Perhaps the most pressing HR concern for employers once they get past the immediate danger of a disaster is how they are going to pay employees, especially if they are unable to get to the office to process payroll. Also high on most employees’ lists of concerns after a disaster is when they are going to receive their next paycheck, particularly those who were displaced or experienced damage to their homes. While payroll was certainly also a top priority for Angler Construction, the fact that the company had outsourced its HR functions provided Hawkins and his team with peace of mind, knowing that payroll would continue to be processed without interruption.
“We were able to communicate with our HR outsourcing provider, and our bookkeeper was able to log on to the online systems and get payroll processed very easily from her house when she couldn’t get to the office. We were able to operate and send people their paychecks, so they could focus on what they needed to focus on, whether that was helping themselves or helping other people.”
If possible, find a way for employees to continue working.
Any amount of downtime can spell disaster for a company. If, as was the case with Angler Construction’s employees, it is possible to have employees work remotely when their jobsite or office becomes inaccessible, it provides a great short or long-term solution to keeping a company operational. In these situations, a company’s internal HR department or HR outsourcing provider can be instrumental in the drafting of remote work policies as well as timekeeping procedures when nonexempt employees aren’t able to physically clock in and out.
With entire sections of many major freeways in Houston closed due to high water that remained after Harvey, even employees who had come out of the storm relatively unscathed were unable to get to the office. Angler Construction utilized a cloud-based construction management software which allowed employees to work remotely, either from the office or at home, something Hawkins says was key to helping his team stay on top of projects and keeping customers informed in the aftermath of the storm. It may not always be possible for an employer to allow employees to work from home, either due to damage to the business’ operations or due to the nature of an individual employee’s particular job description. In these cases, internal or external HR resources play a key role in helping an employer navigate these kinds of potentially sticky compliance points.
Provide support however you can.
It is imperative that employers remember that their employees are people first, particularly in the aftermath of a disaster situation. Some might be out for days or weeks at a time while they try to rebuild, and employers have to be prepared to adjust accordingly.
“We have four employees that either had severe damage to their house or still aren’t back in their houses,” said Hawkins. “Most of them were out for weeks after the storm, which had a huge impact on productivity, but people just came together to pick up the slack because that’s what you do.”
Beyond just allowing employees to take personal time or leaves of absence to recover and rebuild, HR can also make themselves a resource for affected employees by proactively putting together information on the Federal Emergency Management Agency’s Disaster Unemployment Assistance program and retirement plan hardship distributions, if applicable.
Hawkins’ personal commitment to helping those around him extended beyond his employees.

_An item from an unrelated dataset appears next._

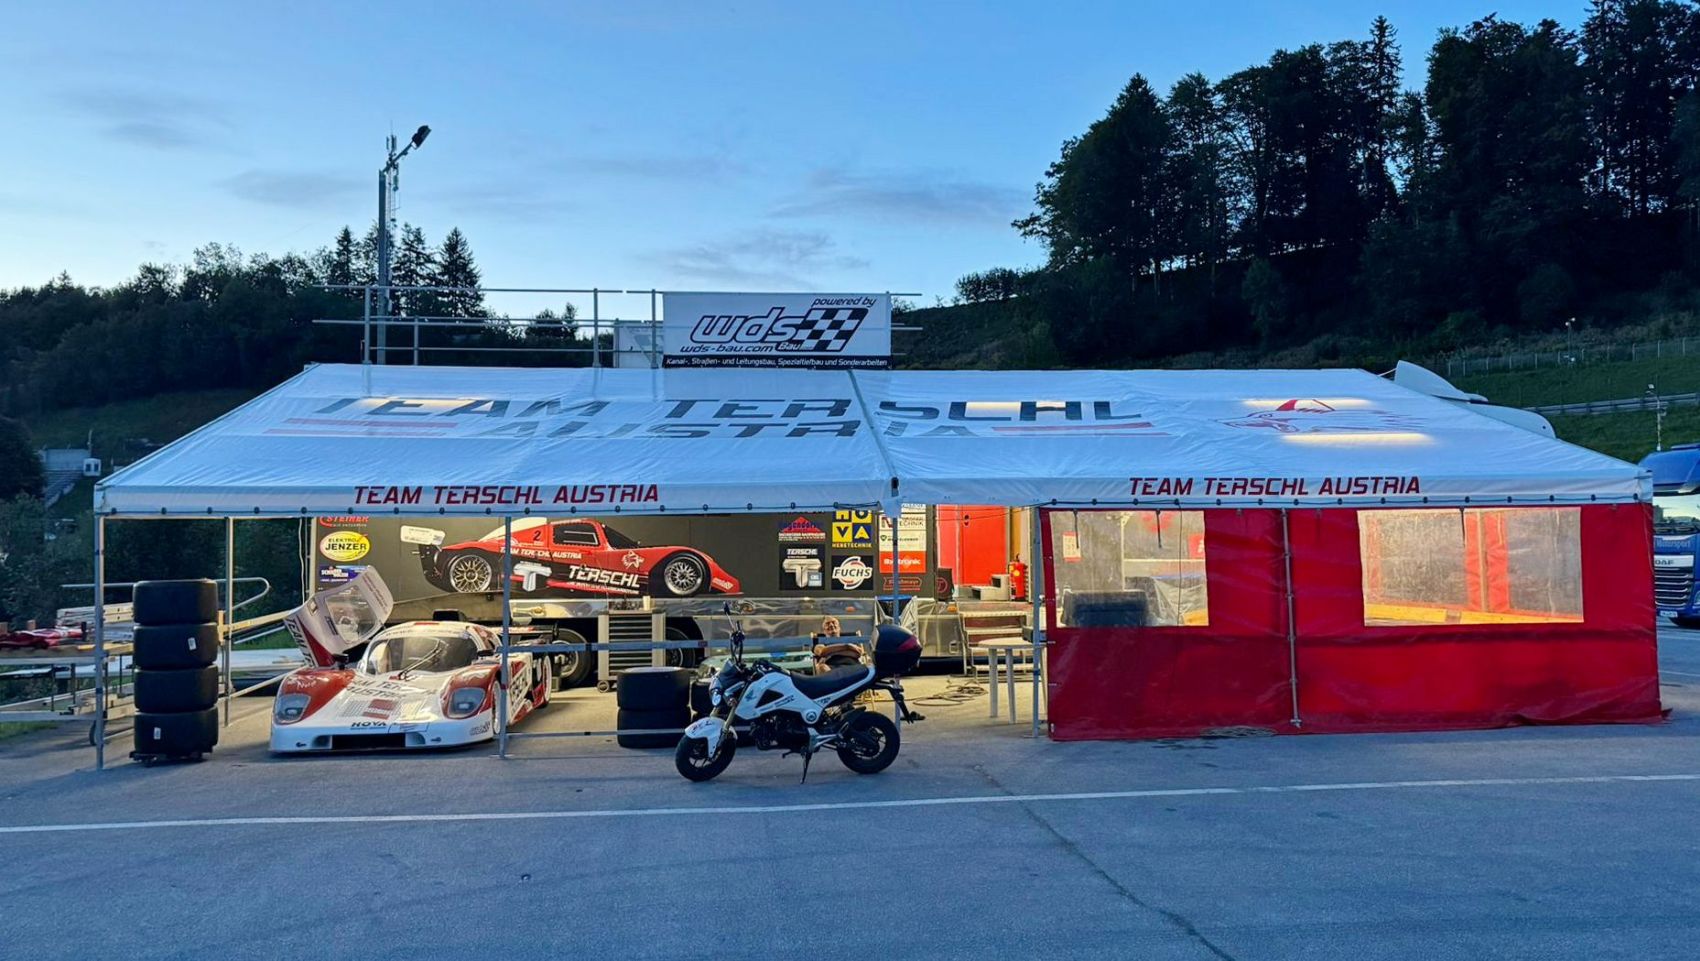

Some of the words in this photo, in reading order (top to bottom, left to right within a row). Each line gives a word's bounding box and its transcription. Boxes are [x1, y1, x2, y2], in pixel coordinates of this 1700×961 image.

He spent the first three days conducting water rescues around Houston in his personal boat and says it was one of the most eye-opening experiences of his life.
“When you see what people are going through—when you’re pulling someone out of the second story of their house—it’s a disheartening situation to be in, and when you see it on such a mass level, it really becomes tough to look at every day. That being said, Houston was pretty amazing because so many people came together to help each other out and do whatever they could to rescue and cook for people. It really showed what an awesome city Houston can be.”